VASC Seminar: Alireza Fathi
An Egocentric Paradigm for Understanding Daily Activities
In this talk, I will describe my recent research on modelling, analyzing and understanding daily activities using an egocentric vision system. An egocentric vision system continuously captures the scene in front of the user (first-person view) and may additionally measure the user's gaze direction. A key benefit of egocentric vision is the ability to measure first-person's focus of attention: both regions that are fixated (gaze) and regions that are handled (manipulated objects). First-person's focus of attention provides valuable context for identifying important objects and faces in the scene which is critical for understanding the daily activities. In this talk, I will address two categories of daily activities: Meal preparation activities that are defined by the manipulation of objects, and social interactions that are defined by face-to-face exchanges between multiple people. In case of object-manipulation tasks, I will present a semi-supervised framework for learning object models, and use them to recognize tasks based on hand and object interaction. I will further show that we can learn from human gaze to localize and recognize actions. In case of social interactions, in addition to first-person's attention, we will leverage the attention of other individuals in the scene to model the activity.

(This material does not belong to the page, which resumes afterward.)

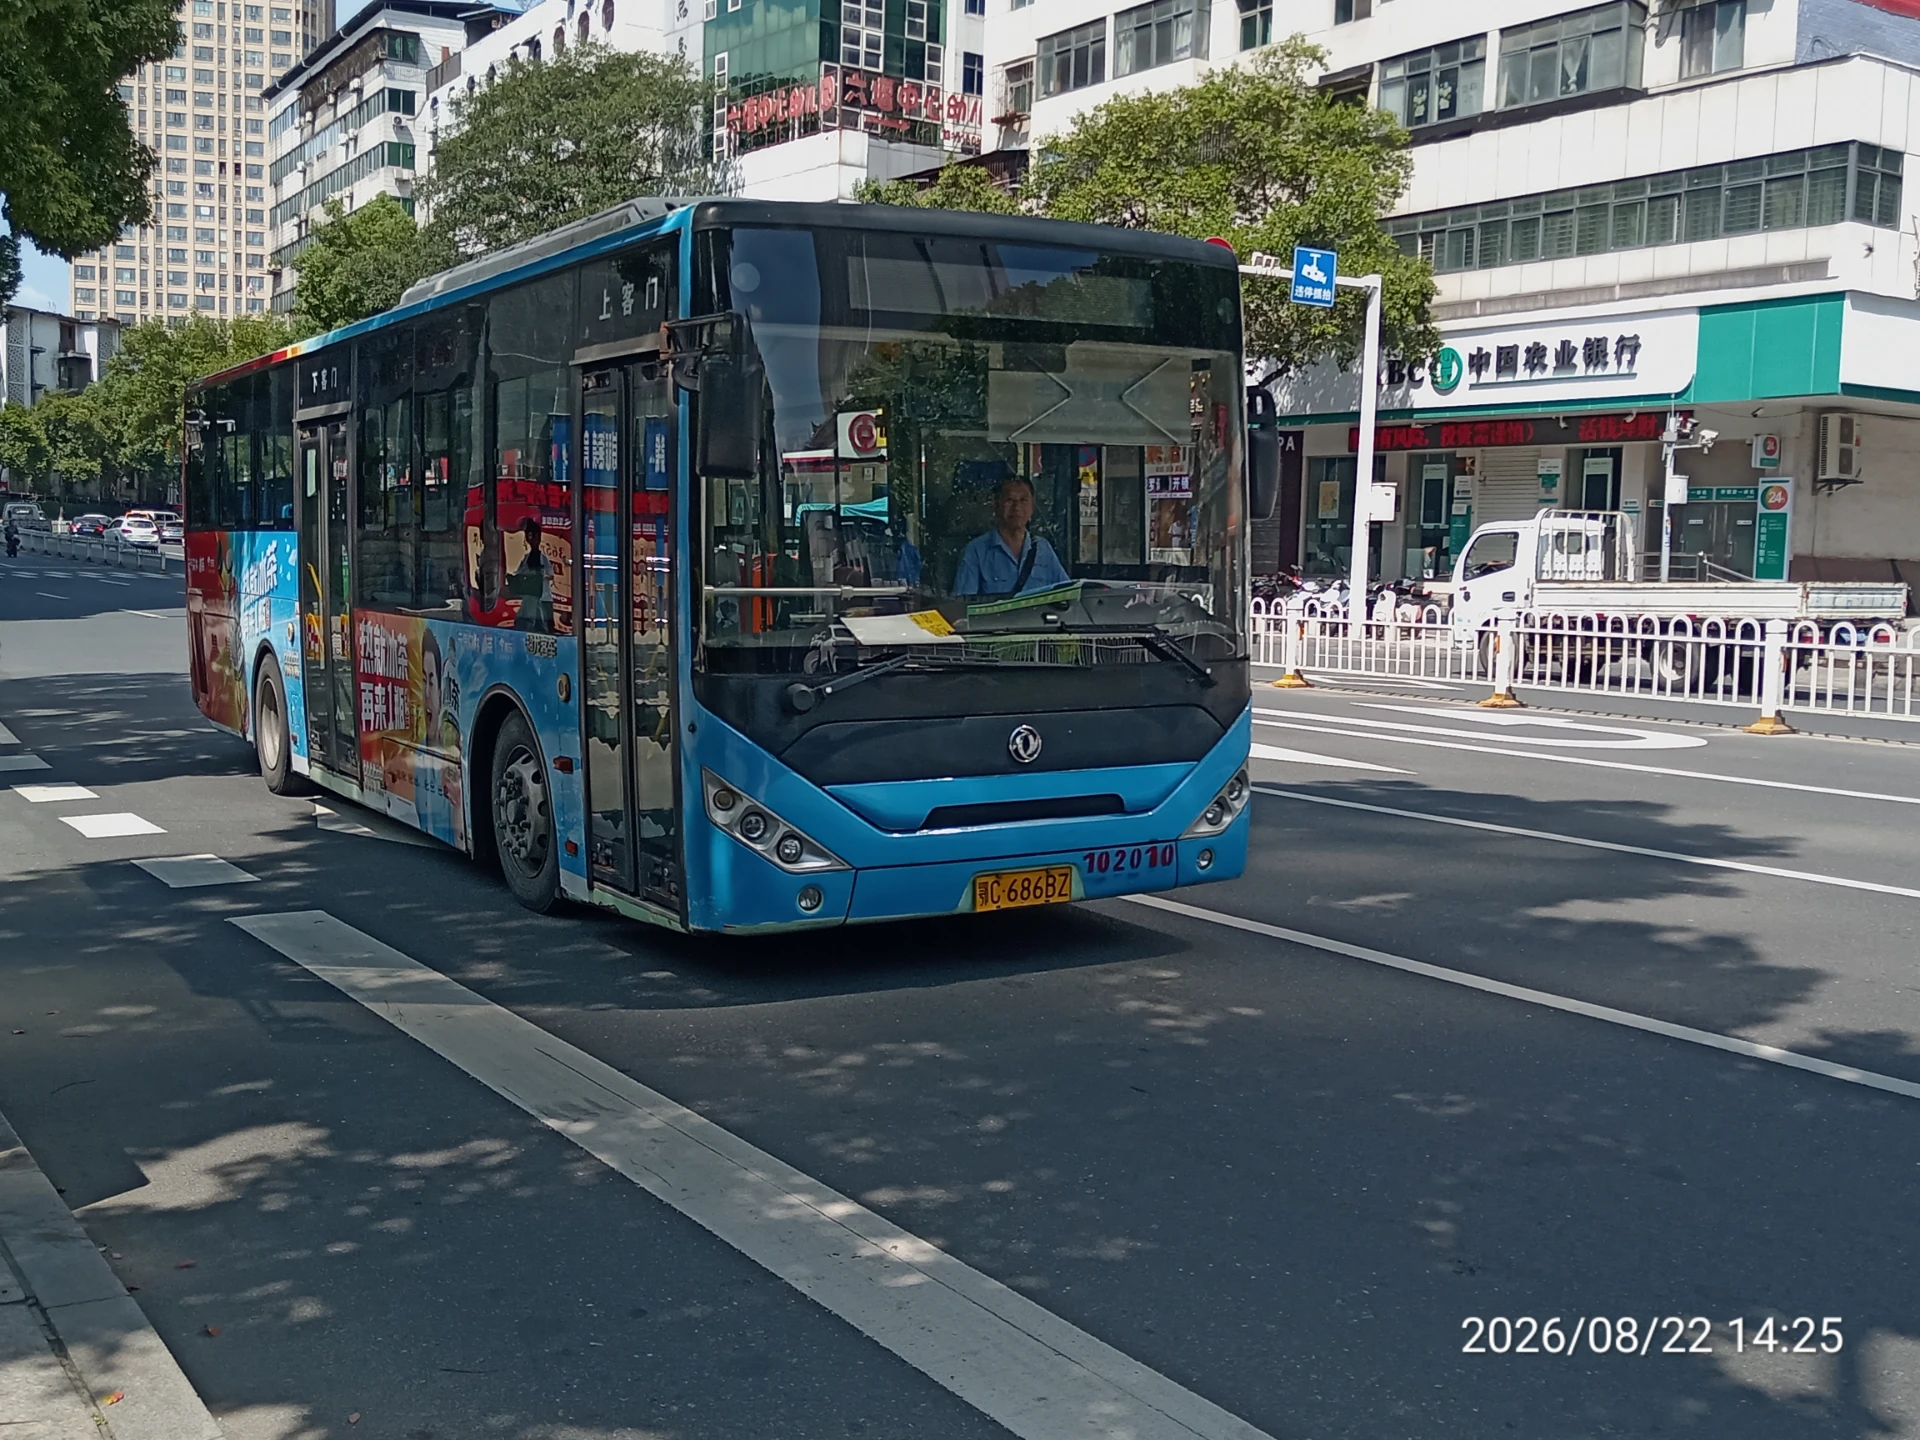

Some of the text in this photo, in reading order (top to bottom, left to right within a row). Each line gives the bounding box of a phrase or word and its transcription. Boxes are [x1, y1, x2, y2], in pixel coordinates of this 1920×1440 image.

Appointments: Kris Kittani
Alireza Fathi is a PhD candidate at the College of Computing at Georgia Tech, graduating in Spring 2013. He has received his bachelors degree from Sharif University of Technology in Iran in 2006, and his MSc degree from Simon Fraser University in Canada in 2008. His main research areas are computer vision and machine learning with particular interest in egocentric (first-person) vision, activity recognition and video segmentation. He has published several papers at CVPR, ICCV and ECCV on recognizing objects and activities in first-person view videos. He has served as co-organizer of 2nd Workshop on Egocentric Vision in conjunction with CVPR 2012.